Congress will close the books on the bitterly fought November presidential election this Thursday, when the House and Senate meet in a joint session to officially ratify George W. Bush's Electoral College victory.
Such certification is almost always a routine process. To most Americans, it merely reaffirms the obvious about a contest that's already history.
Bush haters should get over it and move on, they say.
But a persistent and significant group of voters is not moving anywhere, not until some straight answers are forthcoming.
To them, 2004 was worse than the Florida fiasco of 2000. It was further proof that something is drastically wrong with our nation's patchwork voting system.
Black voters and their elected leaders are carrying the brunt of the fight, especially in Ohio, whose 20 electoral votes were the key to the Bush victory.
During a series of postelection hearings, Rep. John Conyers (D-Michigan) collected "thousands of complaints" from Ohio voters, many of them black, about Election Day irregularities, a Conyers spokeswoman said yesterday.
Those complaints allege that minority and urban voters were disproportionately disenfranchised in a state where the President's margin over Sen. John Kerry was fewer than 119,000 votes.
The massive outcry has convinced Conyers and most other members of the Congressional Black Caucus to challenge the final certification of the vote on Thursday.
But unless the dissidents in the House can convince at least one U.S. senator to join them in their challenge, they will not even be able to force a full-fledged debate by each branch of Congress over the results.
In previous columns, I provided details about many of the voting irregularities.
There were so many unexplained problems that two minor parties, the Greens and the Libertarians, formed an uncommon alliance and raised more than $100,000 to force a recount in all 88 of Ohio's counties.
But that recount, which was concluded just before Christmas, sparked almost as much furor as the original vote. It only stoked the worst paranoid fears among Bush opponents about a Ukraine-style manipulation of the vote.
The strange recount even got the Kerry-Edwards campaign, which originally conceded the election, to get more involved. In a lawsuit filed last week in U.S. District Court, the National Voting Rights Institute, joined by the Kerry campaign, has petitioned for a second recount in Ohio.
Enough already?
Just remember that in Washington state, two machine counts of the governor's race left the Republican candidate with a tiny lead. Only a third count - this one by hand - reversed the original results and gave the seat to the Democrat.
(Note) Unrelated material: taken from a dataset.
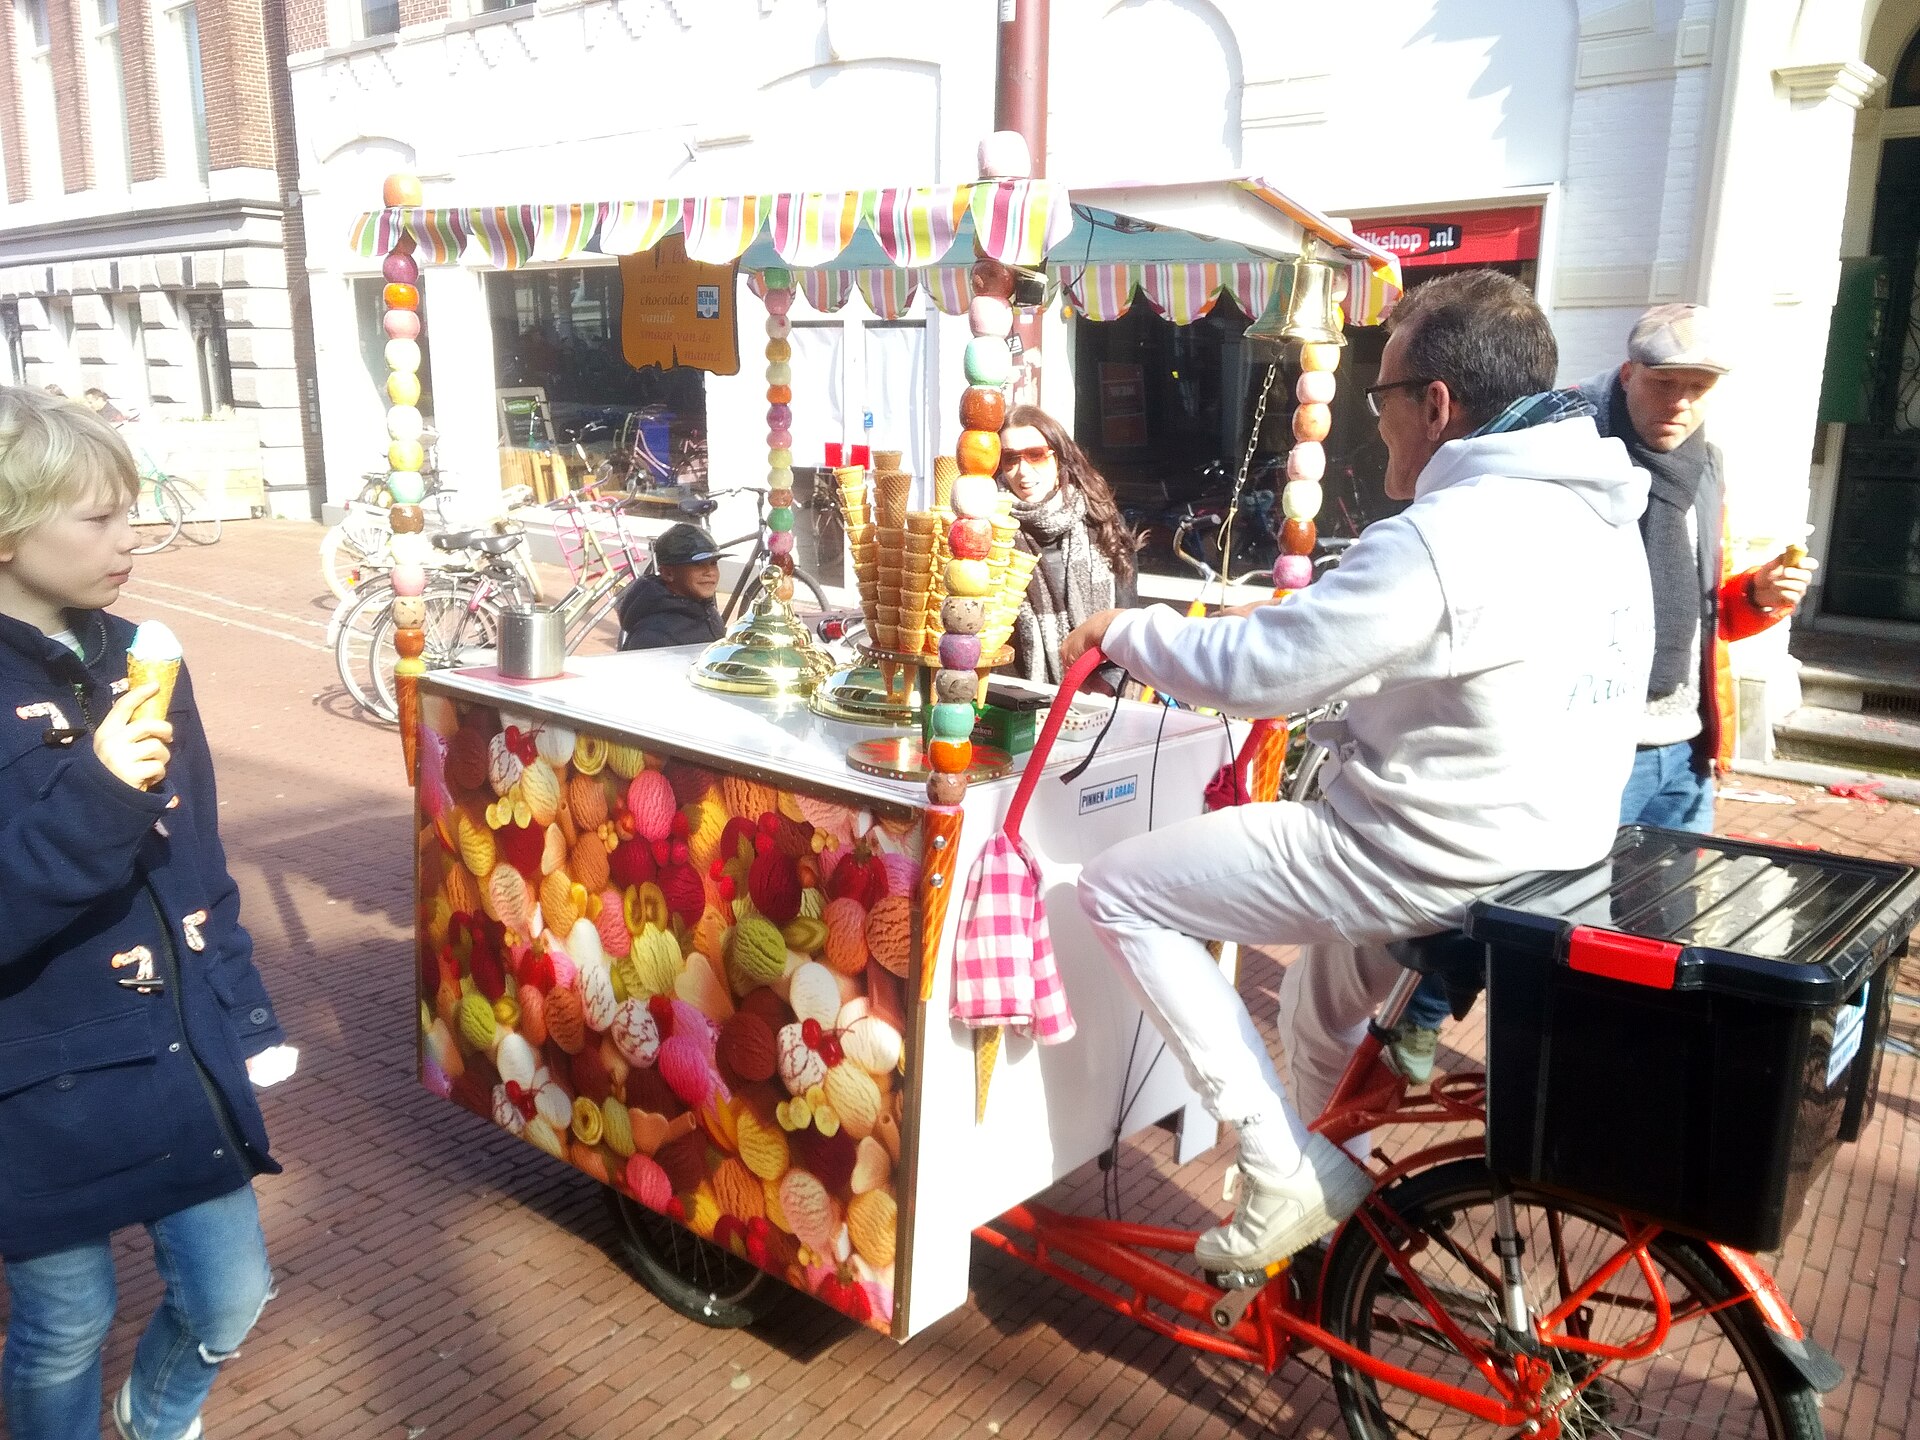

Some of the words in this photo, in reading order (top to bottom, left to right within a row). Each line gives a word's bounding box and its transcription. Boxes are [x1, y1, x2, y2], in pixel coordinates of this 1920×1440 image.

[640, 291, 689, 306] chocolade
[1081, 791, 1105, 808] PINNEN
[1105, 787, 1114, 801] JA
[1114, 782, 1135, 798] GRAAG
Meanwhile, in Ohio, the litany of irregularities and acts alleged in the recount lawsuit is chilling.
State law, for example, stipulates that each county must do a hand recount of at least 3% of the votes cast by randomly choosing precincts. If there is a discrepancy between the machine count and the hand count, then all votes in the county must be recounted by hand.
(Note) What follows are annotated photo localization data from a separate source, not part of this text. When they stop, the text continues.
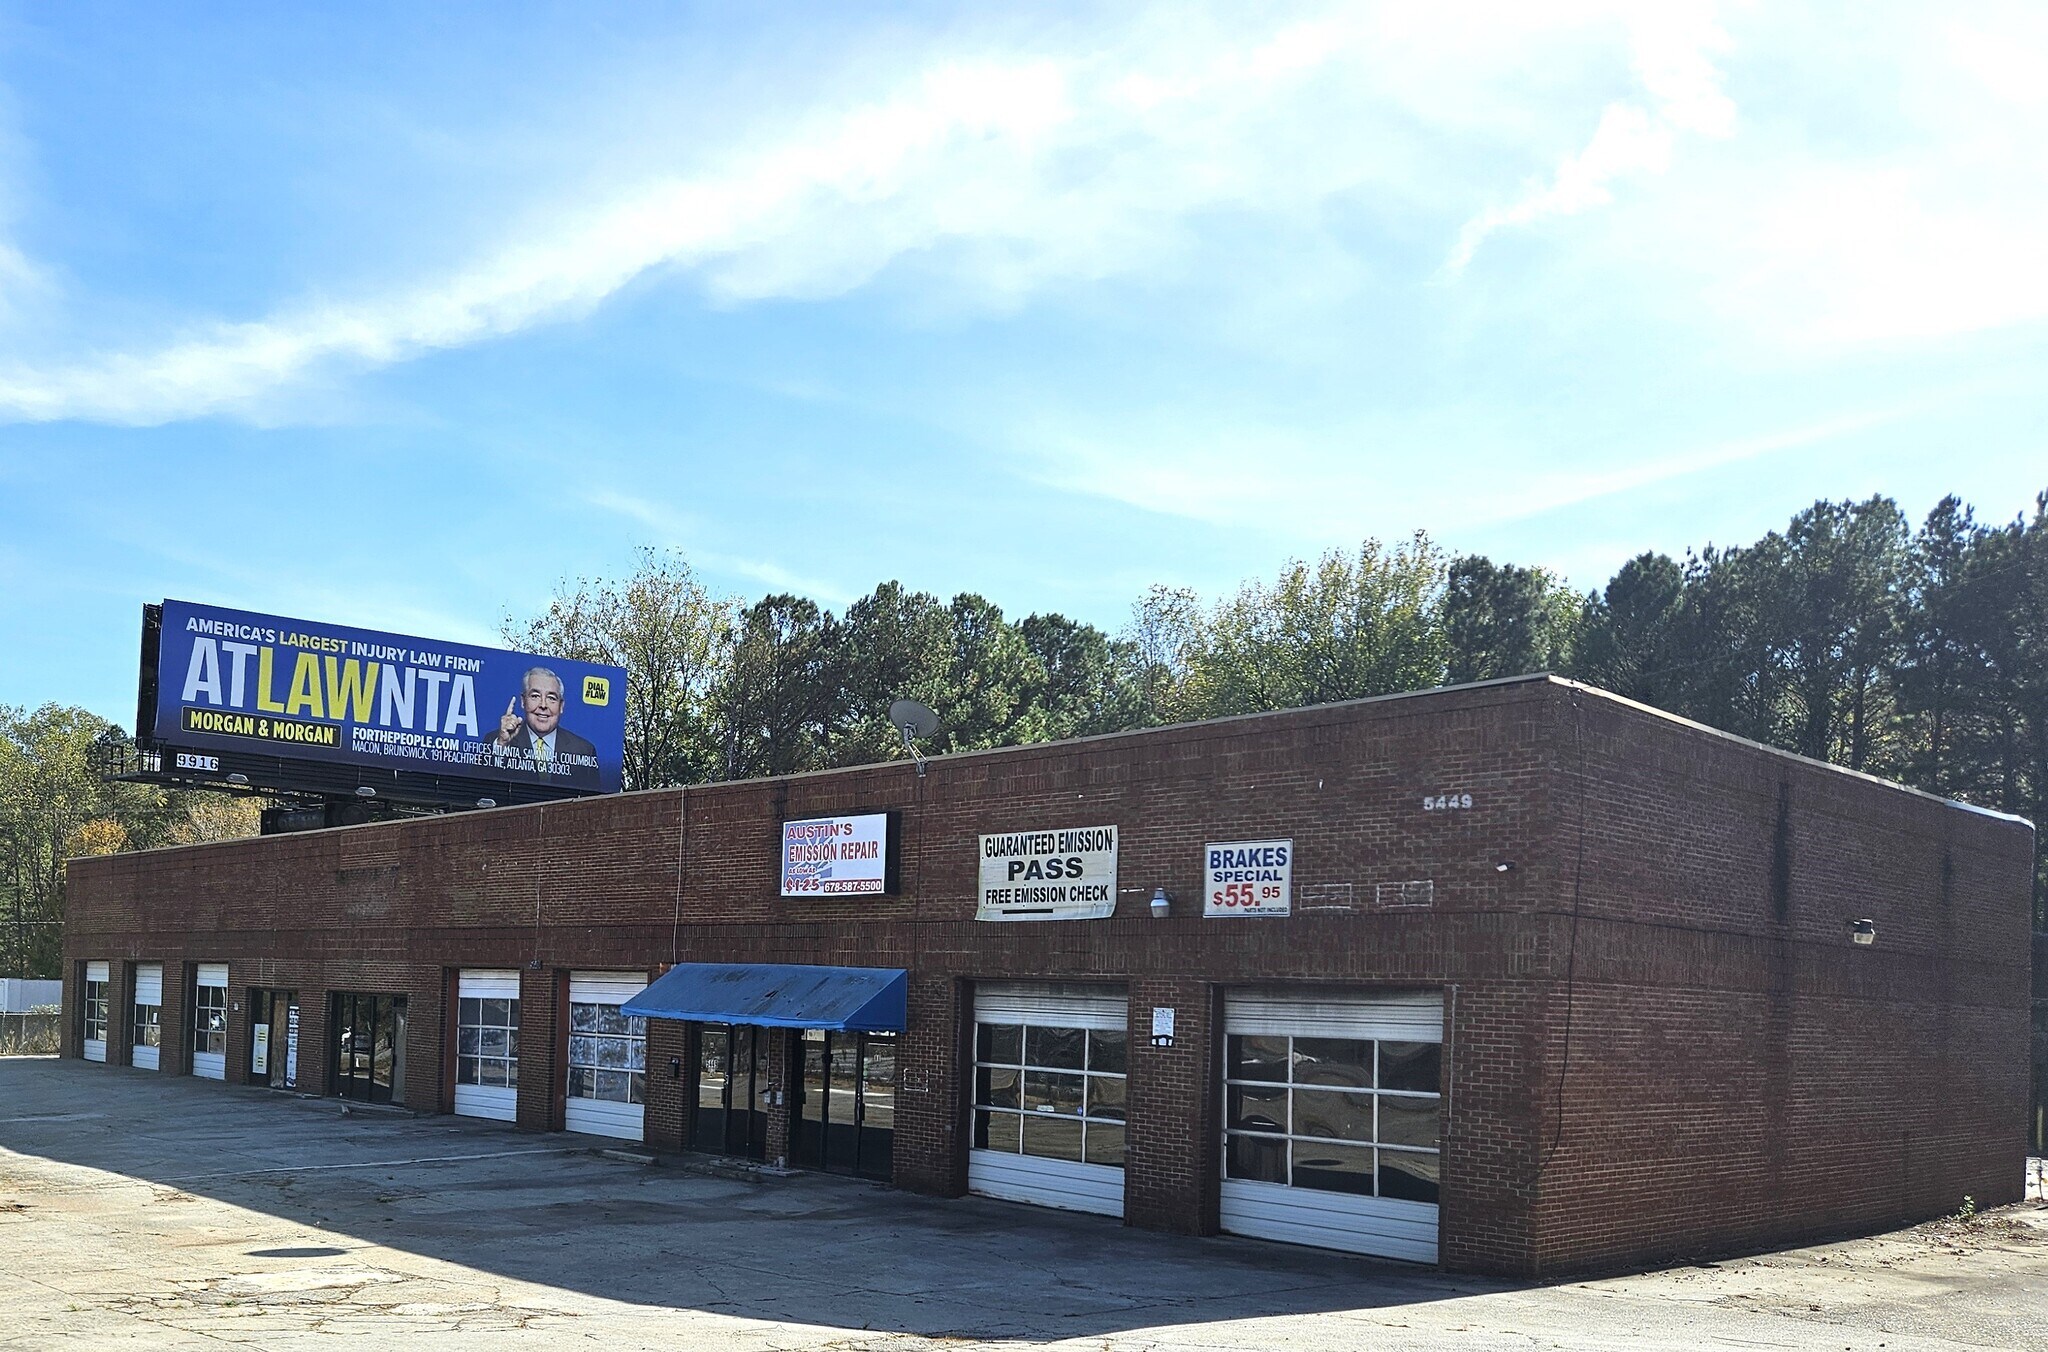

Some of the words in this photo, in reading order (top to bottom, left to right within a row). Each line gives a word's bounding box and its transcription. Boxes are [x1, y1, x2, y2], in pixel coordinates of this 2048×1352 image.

[186, 617, 276, 643] AMERICA'S
[279, 631, 348, 654] LARGEST
[352, 642, 407, 661] INJURY
[410, 651, 441, 667] LAW
[180, 636, 479, 737] ATLAWNTA
[585, 690, 606, 700] #LAW
[587, 682, 604, 692] DIAL
[190, 711, 254, 735] MORGAN
[258, 719, 269, 737] &
[273, 722, 334, 744] MORGAN
[352, 727, 459, 751] FORTHEPEOPLE.COM
[560, 753, 599, 769] COLUMBUS,
[352, 740, 382, 756] MACON,
[431, 749, 443, 761] 191
[443, 751, 482, 767] PEACHTREE
[494, 756, 506, 770] NE,
[507, 758, 536, 773] ATLANTA,
[538, 761, 548, 773] GA
[177, 753, 219, 770] 9916
[1423, 794, 1473, 811] 5449
[787, 823, 853, 839] AUSTIN'S
[789, 843, 837, 862] EMISSION
[841, 841, 878, 860] REPAIR
[985, 833, 1055, 858] GUARANTEED
[1058, 829, 1113, 853] EMISSION
[1210, 847, 1287, 869] BRAKES
[1008, 857, 1083, 881] PASS
[1213, 870, 1283, 882] SPECIAL
[824, 881, 882, 892] 678-587-5500
[986, 889, 1011, 904] FREE
[1014, 886, 1066, 903] EMISSION
[1070, 885, 1108, 901] CHECK
But according to the lawsuit, in county after county, officials refused to randomly select the initial precincts for a hand recount, with each county determining what to recount by its own arbitrary methods.
In some cases, when challenged by Green Party observers, election officials telephoned Secretary of State Kenneth Blackwell for instructions.
Blackwell, the top election supervisor in the state, had been the co-chair of the Bush campaign in Ohio - a virtual replay of Katherine Harris' role in Florida.
As secretary of state, Blackwell also decides who all the top election staff in each county will be - Democrats as well as Republicans.
In some counties, Green Party observers were kept more than 20 feet away from the recount, where they could not see the actual ballots.
A hearing on the petition for a clean recount in Ohio will not be held until later this month. By then, Congress will have certified the vote.
Even the "democratic elections" Bush has been pressing for war-torn Iraq may be over before Ohio's recount is resolved.
Juan Gonzalez is a Daily News columnist.